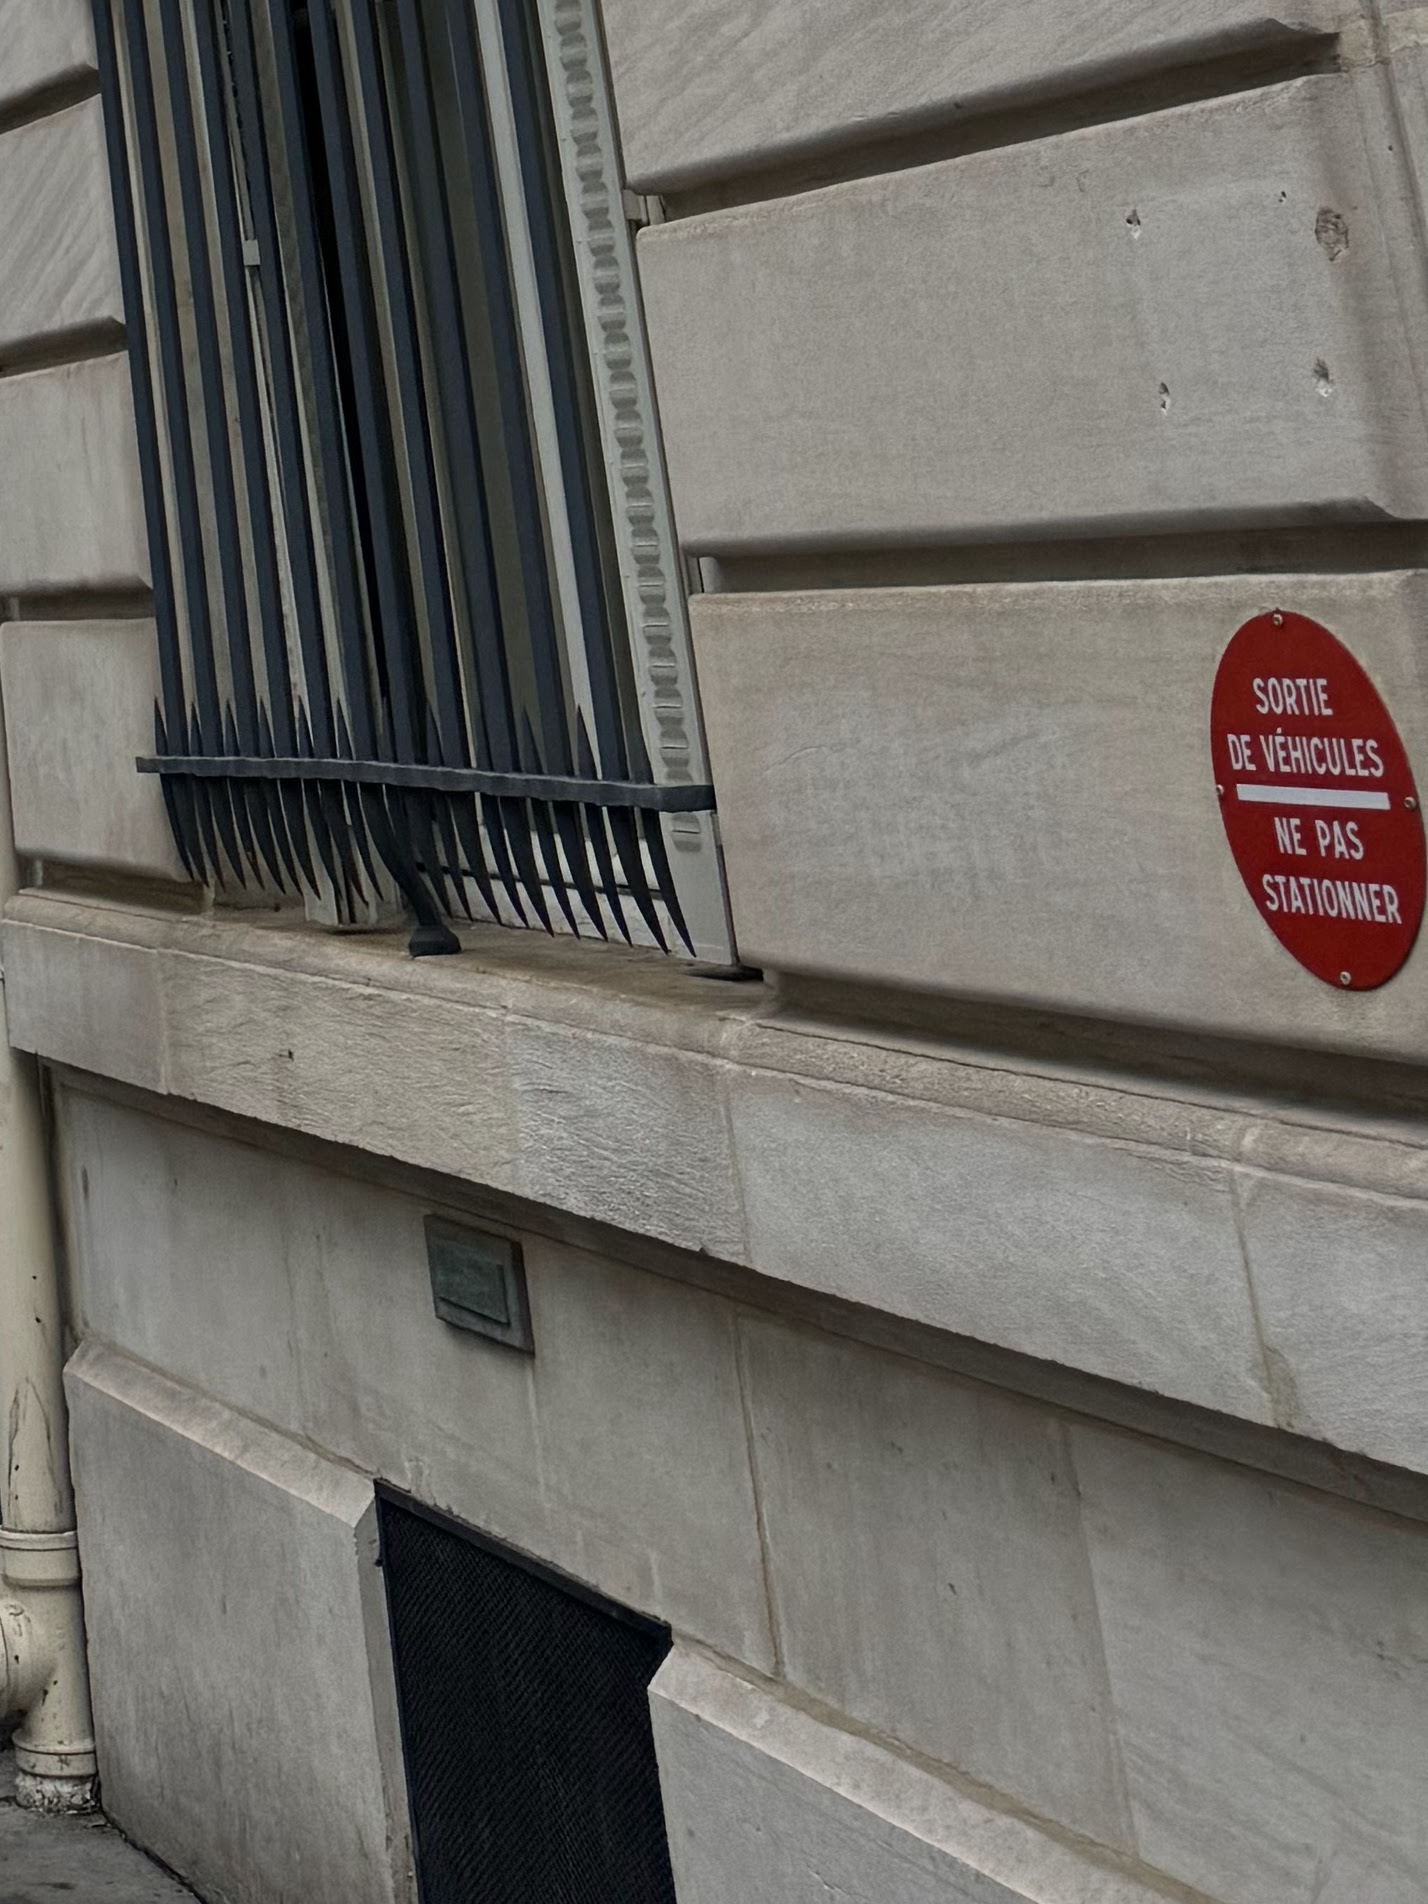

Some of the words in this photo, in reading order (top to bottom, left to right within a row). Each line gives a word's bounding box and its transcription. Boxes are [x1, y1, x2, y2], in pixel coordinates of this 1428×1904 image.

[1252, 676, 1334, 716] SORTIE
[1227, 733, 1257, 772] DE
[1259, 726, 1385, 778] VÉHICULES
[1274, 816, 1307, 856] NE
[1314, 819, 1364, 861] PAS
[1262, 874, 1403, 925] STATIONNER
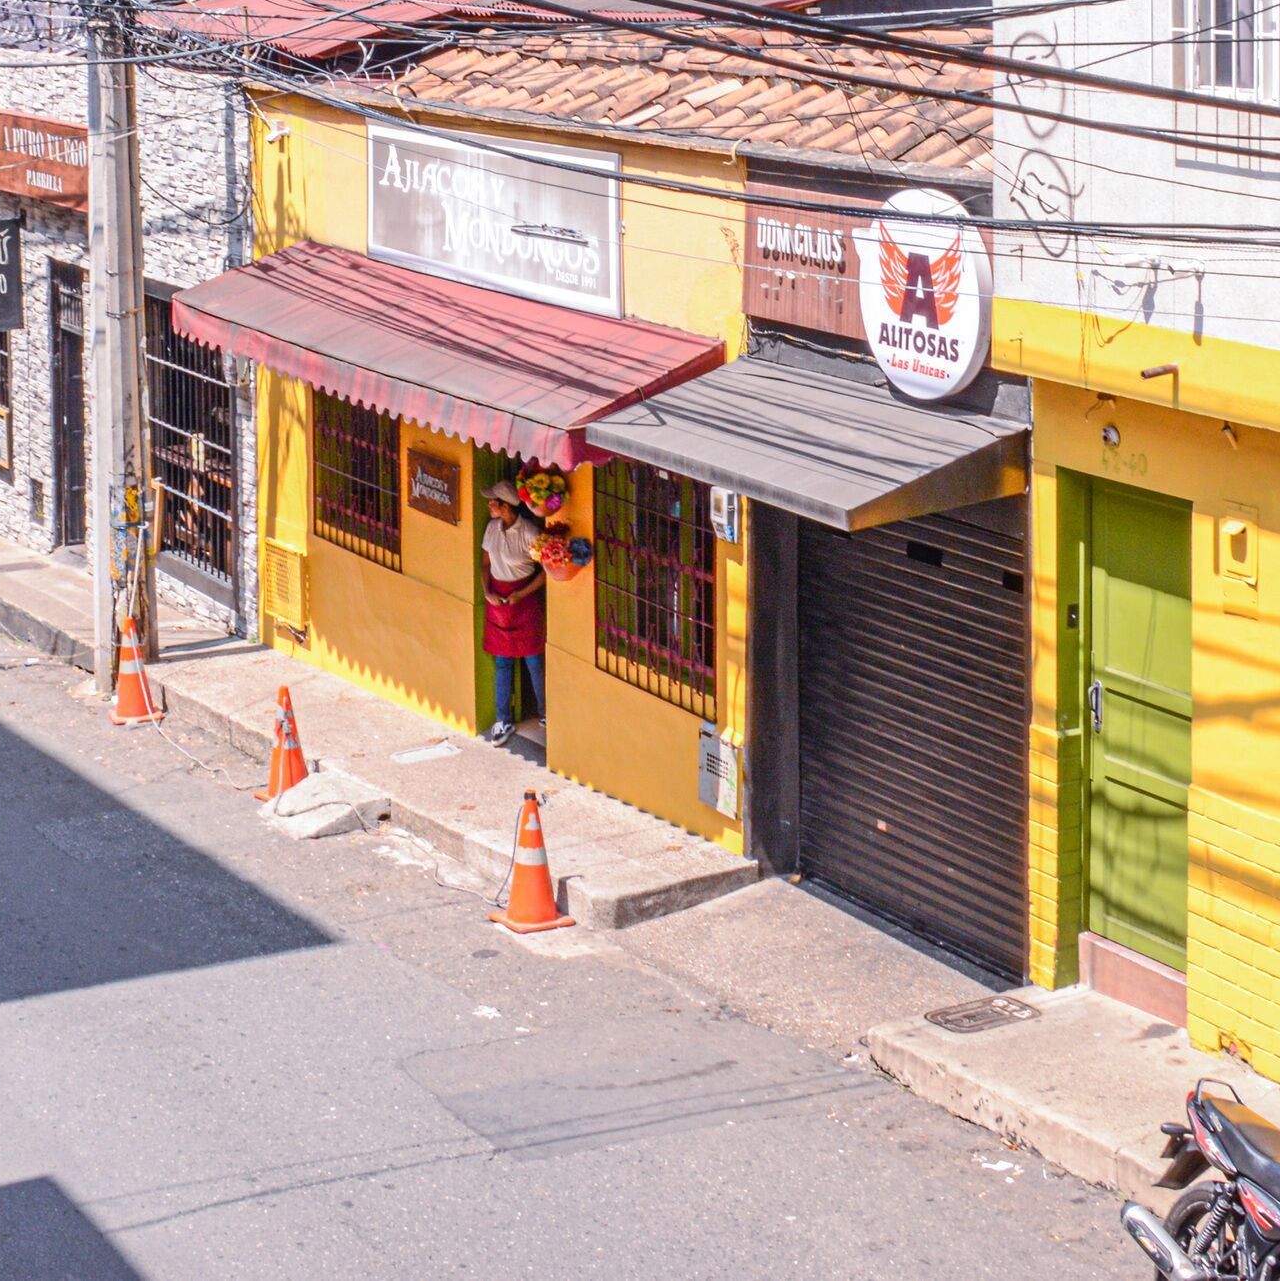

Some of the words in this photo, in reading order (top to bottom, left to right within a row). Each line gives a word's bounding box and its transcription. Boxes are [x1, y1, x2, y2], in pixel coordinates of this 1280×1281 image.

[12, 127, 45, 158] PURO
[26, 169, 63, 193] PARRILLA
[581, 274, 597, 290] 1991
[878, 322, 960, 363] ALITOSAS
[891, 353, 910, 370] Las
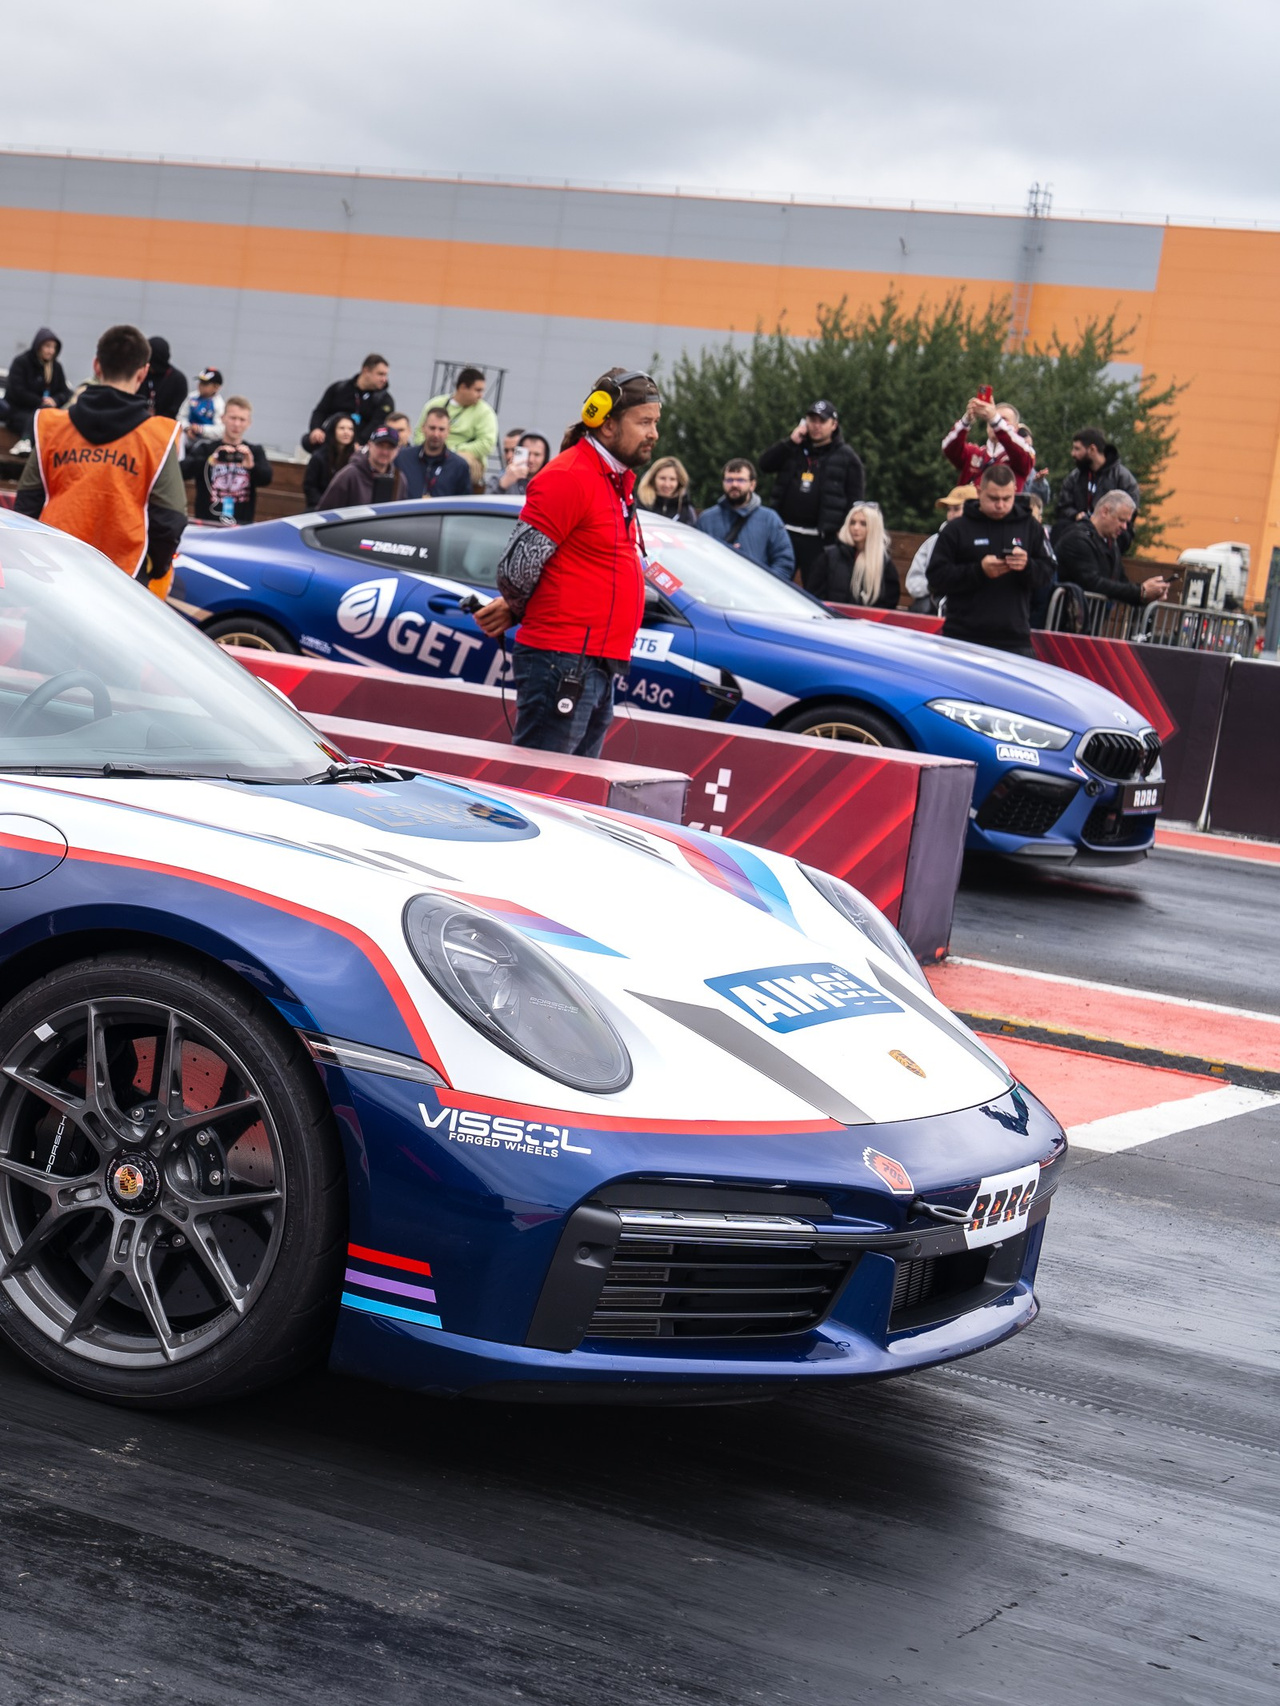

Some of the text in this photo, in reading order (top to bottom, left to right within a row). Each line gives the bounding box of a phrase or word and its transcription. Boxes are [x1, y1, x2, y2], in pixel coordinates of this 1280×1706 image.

What to produce ::
In the entries above, find the line containing "this 1280×1281 image.", then please retype it and every line after it through the last, exactly as written, omitting pictures.

Answer space ::
Some of the words in this photo, in reading order (top to bottom, left to right within a row). Each line gives a word's bounding box and its transcription. Boxes are [x1, y1, x2, y2], in pixel coordinates of this 1280×1281 image.

[12, 127, 45, 158] PURO
[26, 169, 63, 193] PARRILLA
[581, 274, 597, 290] 1991
[878, 322, 960, 363] ALITOSAS
[891, 353, 910, 370] Las

Some of the text in this photo, in reading order (top to bottom, left to right within a row). Each line gives the bounding box of a phrase or word and its transcription. Boxes are [x1, y1, x2, y2], in pixel coordinates of this 1280×1706 image.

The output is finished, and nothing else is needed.